A missed chance to weed out cannabis myths

DAGGA: A SHORT HISTORY by Hazel Crampton (Jacana)

In a talk at the international conference on law and religion in Africa, held at Stellenbosch University last year, emeritus justice Albie Sachs touched on a momentous 2002 Constitutional Court case involving the religious use of dagga.

Rasta lawyer Gareth Anver Prince had challenged the constitutional validity of the prohibition on using or possessing dagga for religious purposes and was now facing Constitutional Court judges, including Sachs.

“I don’t know why I felt so much for Anver Prince [and his fellow Rastafarians]; they were standing at the back of the court with their dreadlocks, kind of uncomfortable.

“And worse than that for me, they get up my nose, they say: ‘Albie, people like you. What’s the matter with you? You are so driven. Take it easy; tomorrow is another day. Relax.”


Although Sachs said he empathised with Prince – the court would eventually uphold the prohibition in a 5-4 decision – he could not help but caricature Prince and his band of Rastafarians as lackadaisical and lacking in ambition.

The irony is that it is this attitude, the demonising of the black cannabis smoker, that has resulted in a ­status quo that has not changed since the 1971 introduction of the Abuse of Dependence-producing Substances and Rehabilitation Centres Act.

The actual impact of dagga on society
Hazel Crampton’s Dagga: A Short History is filled with similar disparaging anthropological accounts of historians and colonial agents’ first encounters with marijuana-using natives. It is these encounters and their recording that have led to rigid ideas about the actual impact of dagga on society and the supposed need to strictly control it.

Drawing on archaeological papers, missionary records and court documents, Crampton crafts a dense, sometimes humorous book that throws up questions and answers about the slow pace of reform when it comes to drug laws.

According to Crampton: “Cannabis sativa is believed to have been introduced to Southern Africa around a thousand years ago by Asian traders, who used the monsoons to carry them across the Indian Ocean.”

The etymologies of the plant’s various nicknames are quite easily determined.

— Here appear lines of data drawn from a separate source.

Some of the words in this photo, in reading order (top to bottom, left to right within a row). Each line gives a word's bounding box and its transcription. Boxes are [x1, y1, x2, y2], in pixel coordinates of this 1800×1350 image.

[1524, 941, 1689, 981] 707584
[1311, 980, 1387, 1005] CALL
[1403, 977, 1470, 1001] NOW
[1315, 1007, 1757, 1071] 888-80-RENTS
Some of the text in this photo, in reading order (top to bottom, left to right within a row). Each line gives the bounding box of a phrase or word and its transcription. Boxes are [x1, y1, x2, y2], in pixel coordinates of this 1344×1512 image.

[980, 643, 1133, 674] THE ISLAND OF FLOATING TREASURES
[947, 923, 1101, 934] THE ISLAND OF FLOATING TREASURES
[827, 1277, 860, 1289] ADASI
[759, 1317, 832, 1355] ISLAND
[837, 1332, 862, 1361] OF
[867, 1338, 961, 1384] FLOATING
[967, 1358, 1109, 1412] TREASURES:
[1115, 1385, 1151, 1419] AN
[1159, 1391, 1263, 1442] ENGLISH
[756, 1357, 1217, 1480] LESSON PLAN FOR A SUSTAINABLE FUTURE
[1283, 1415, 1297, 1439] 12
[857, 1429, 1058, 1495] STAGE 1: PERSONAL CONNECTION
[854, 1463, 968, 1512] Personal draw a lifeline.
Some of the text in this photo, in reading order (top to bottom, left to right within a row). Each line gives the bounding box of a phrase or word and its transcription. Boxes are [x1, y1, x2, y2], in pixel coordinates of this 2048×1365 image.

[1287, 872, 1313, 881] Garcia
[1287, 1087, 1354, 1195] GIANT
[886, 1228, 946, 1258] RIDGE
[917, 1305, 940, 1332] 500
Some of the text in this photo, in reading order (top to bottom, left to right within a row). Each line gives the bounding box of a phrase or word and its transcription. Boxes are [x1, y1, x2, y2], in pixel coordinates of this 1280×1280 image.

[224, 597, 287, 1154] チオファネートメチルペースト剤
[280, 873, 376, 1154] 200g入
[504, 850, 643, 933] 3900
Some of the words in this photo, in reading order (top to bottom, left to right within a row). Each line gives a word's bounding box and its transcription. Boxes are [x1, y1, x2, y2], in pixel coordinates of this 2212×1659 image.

Crampton writes with certainty that the word banj (derived from the Sanskrit bhanga) appears in Islamic writings from the 13th century, leading to Southern African variations such as mbanji (chiShona) and mbanzhe (Tshivenda).

The Khoi are responsible for the term “dagga”, which, according to the Suid-Afrikaanse Akademie vir Wetenskap en Kuns, was one of the earliest loan words in Afrikaans.

The self-righteous gaze
Crampton’s source material, thoroughly cited, can be infuriating for its haughty, self-righteous gaze. In the second chapter, two pages are devoted to an apparent “stoned” Tsonga men’s saliva game whose premise is “he who squirts the ­furthest, wins”.

In an account of his experiences, 17th-century Dutch physician William Ten Rhyne wrote that when the Khoi “bray” their dagga carefully, they make it into balls and eat it, after which they become “monstrous drunk”.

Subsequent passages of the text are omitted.